Today’s release of the 21st edition of To Walk the Earth in Safety, the Department of State’s annual report summarizing the accomplishments of the U.S. CWD Program and highlights the United States’ enduring commitment to making post-conflict communities safer.  This sets the stage for their recovery and development and improves international security by making it harder for terrorists, drug traffickers, and others to obtain the weapons and ammunition which fuel instability and undermine the rule of law.

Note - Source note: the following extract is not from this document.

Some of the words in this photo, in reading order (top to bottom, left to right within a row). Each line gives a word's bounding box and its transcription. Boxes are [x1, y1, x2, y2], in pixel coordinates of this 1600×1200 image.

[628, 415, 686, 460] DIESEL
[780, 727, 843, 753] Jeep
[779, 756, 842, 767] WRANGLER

  • Since 1993, the United States has invested more than $4.2 billion for the safe clearance of landmines and explosive weapons of war (ERW) as well as the securing and safe disposal of excess small arms and light weapons (SA/LW), including at-risk man-portable air-defense systems and munitions in more than 100 countries and territories, making the United States the world’s single largest financial supporter of CWD. In 2021, the United States funded CWD efforts in 62 countries with more than $265 million.

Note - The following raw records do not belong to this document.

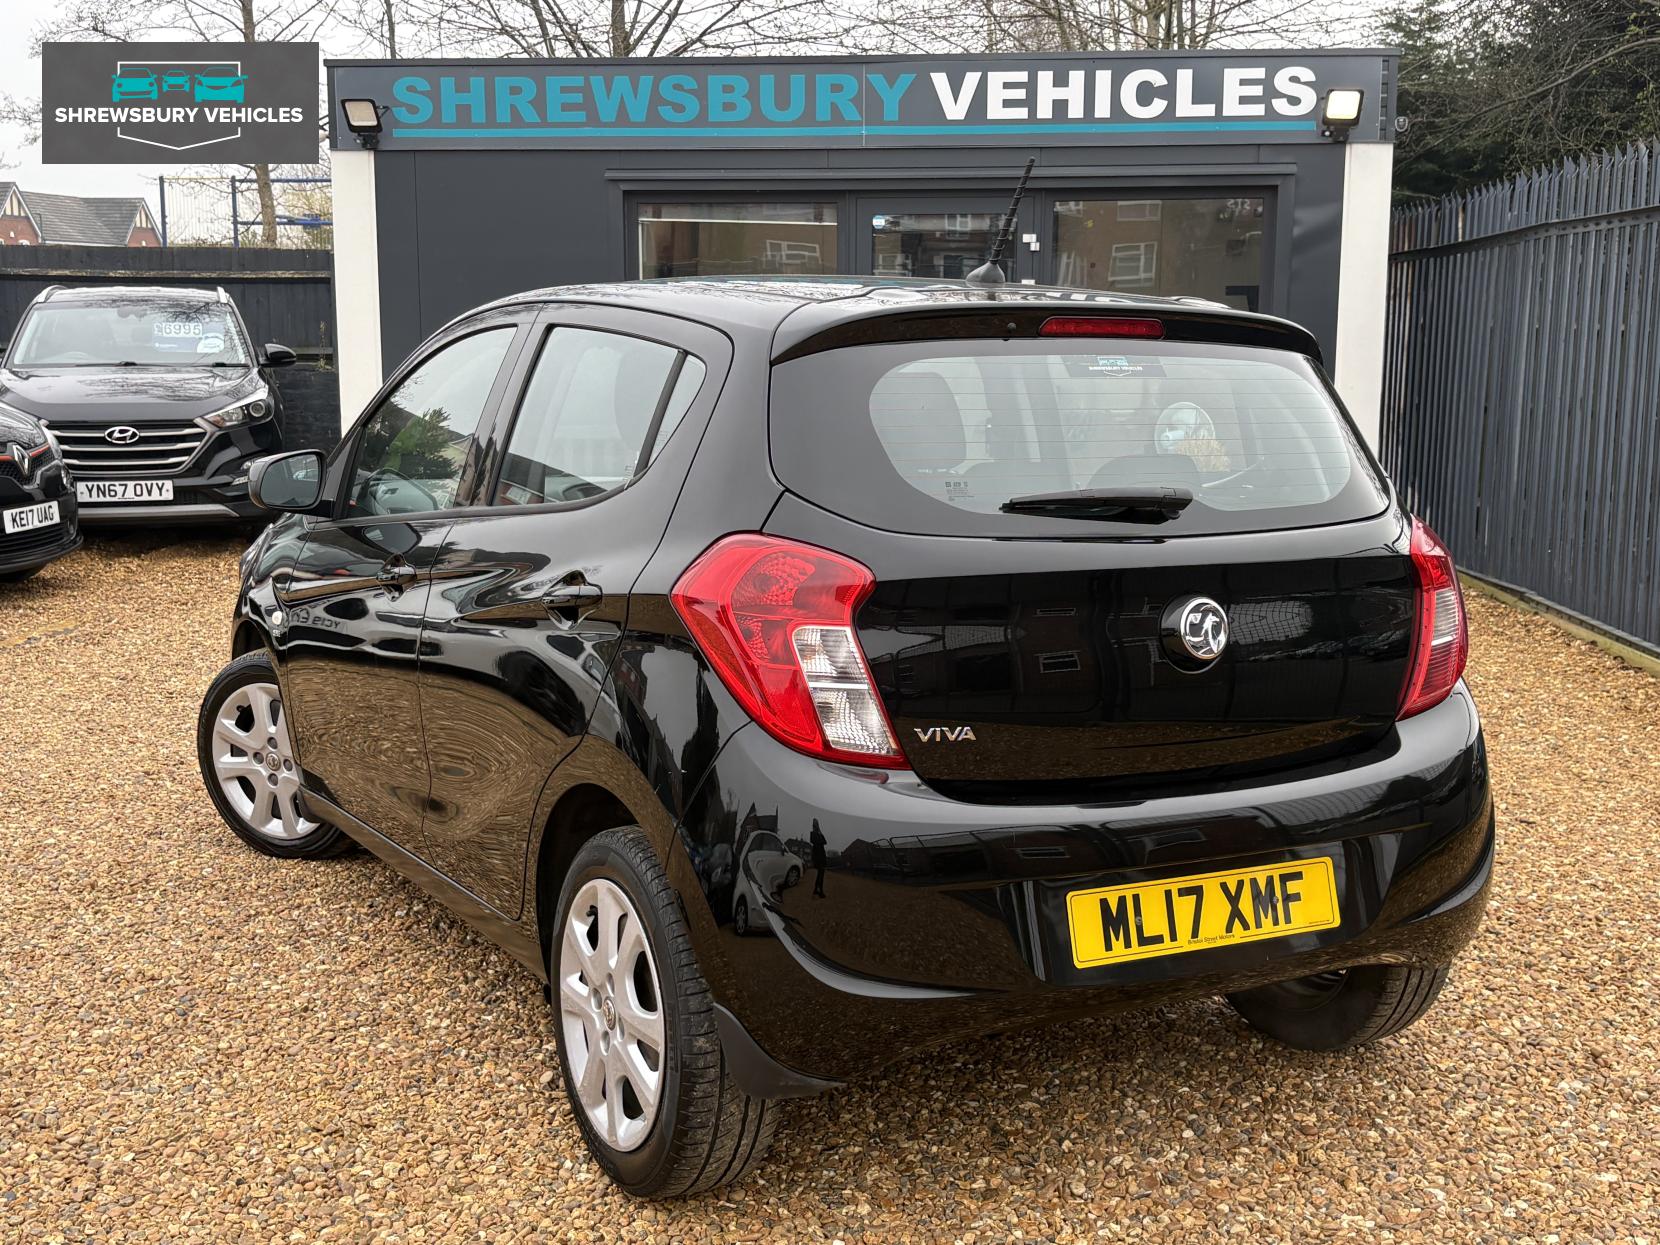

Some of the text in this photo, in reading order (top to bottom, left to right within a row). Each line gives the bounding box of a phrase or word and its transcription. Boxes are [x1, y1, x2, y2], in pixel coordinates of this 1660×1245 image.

[392, 66, 1318, 124] SHREWSBURY VEHICLES
[85, 483, 166, 499] YN67 OVY
[11, 505, 54, 529] KE17 UAG
[913, 726, 977, 743] VIVA
[1099, 871, 1304, 952] ML17 XMF

  • The United States has funded stockpile management programs worldwide aimed at reducing at-risk weapons and munitions and improving stockpile security to prevent diversion of arms to terrorists and other destabilizing actors.
  • Our Quick Reaction Force has the flexibility to assist countries on an emergency, first responder basis, both to prevent a catastrophic explosive event at an ammunition depot and to manage the aftereffects of such an explosion.
  • Proactive community outreach through our explosive ordnance risk education programs prevented countless injuries while U.S.-funded survivor assistance provided essential medical and rehabilitation services to people injured by landmines and unexploded ordnance.
  • Working in close cooperation with the Department of Defense and the U.S. Agency for International Development, the Department of State has helped numerous countries to declare themselves mine free.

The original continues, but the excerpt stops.